The whole reason why I started cross-dressing in the first place was for Maguri. I thought 'Maybe, if I dress like a girl, then it wouldn’t look so weird if we ended up dating, even if we were both guys. Maybe, Maguri might love me back when he sees how much I love him, that all this was just to get a few steps closer to his heart.'

Well, you can see where that got me- Nowhere. He still hasn't realized that I love him. That idiot. How dense can one person be?; He just thought I was weird when I suddenly just started dressing like a girl. In fact, he laughed when he first saw me in girlish attire. He might as well have thrown a spear into my heart.

"Oh, c'mon, you have got to be kidding me.." He chuckled as I came up to him. "What did you do to yourself, Yoshitaka?"

"I told you, call me Maora!" I hissed under gritted teeth. I was trying to forget that name, my old name. With the new look I had acquired, 'Yoshitaka Ichinomiya' was slain and I re-christened myself 'Maora'. "And what do you mean, 'You got to be kidding me'? I did this all for you!"

Maguri just stared at me, wide eyed; then blinked, and continued to stare at me in the same fashion.
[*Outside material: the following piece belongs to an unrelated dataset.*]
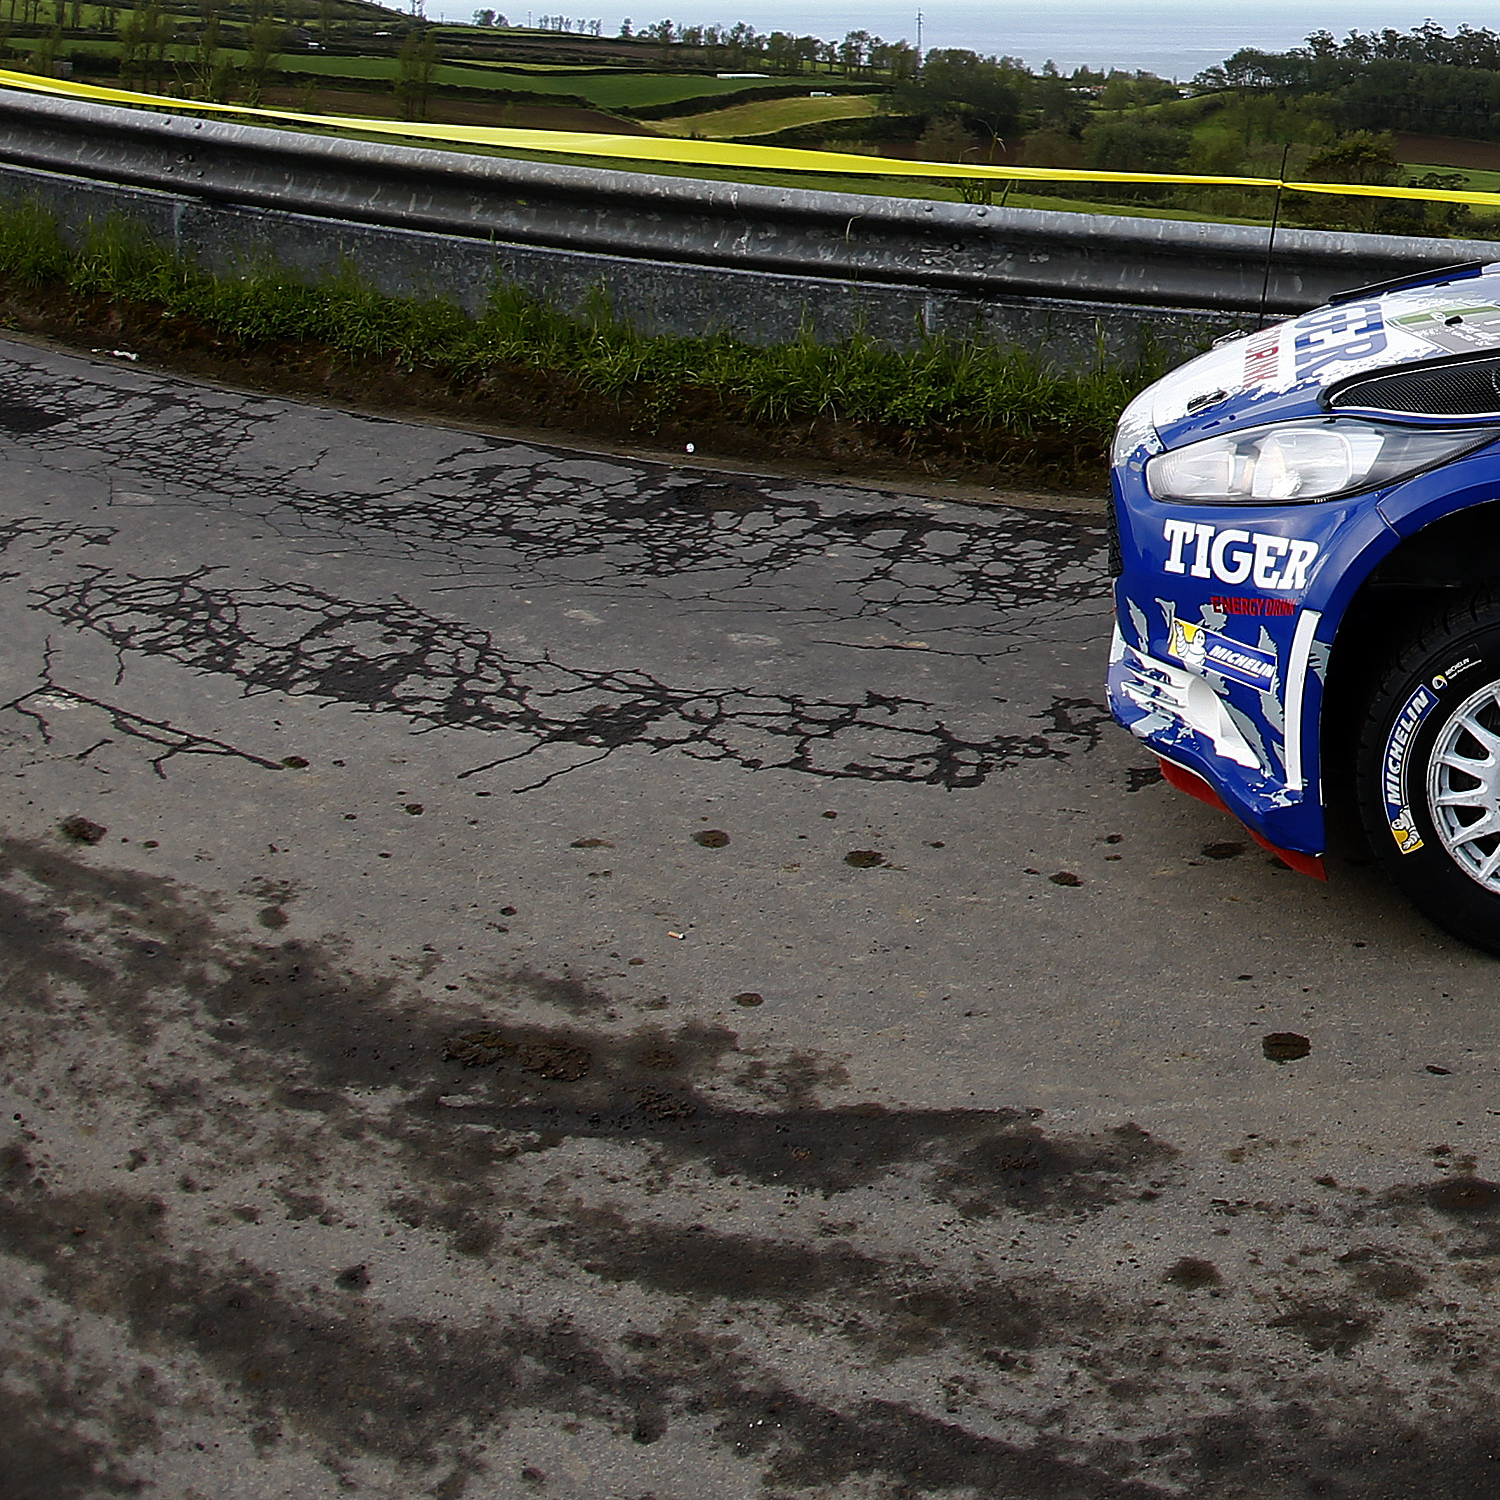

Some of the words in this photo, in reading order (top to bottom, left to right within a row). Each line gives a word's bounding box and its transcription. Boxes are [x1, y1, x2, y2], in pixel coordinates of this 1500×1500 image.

Idiot. "Don't you see?" I asked him, by this time forgetting he was an annoying idiot, but instead the love of my life. I allowed my lips to curl up into a smile. "I look like a girl now. Now we can start dating and even get married!" I curtsied, spun around, and couldn=t help but giggle, letting my fantasies get the best of me. Not only did I make myself look like a girl, I started thinking like one too.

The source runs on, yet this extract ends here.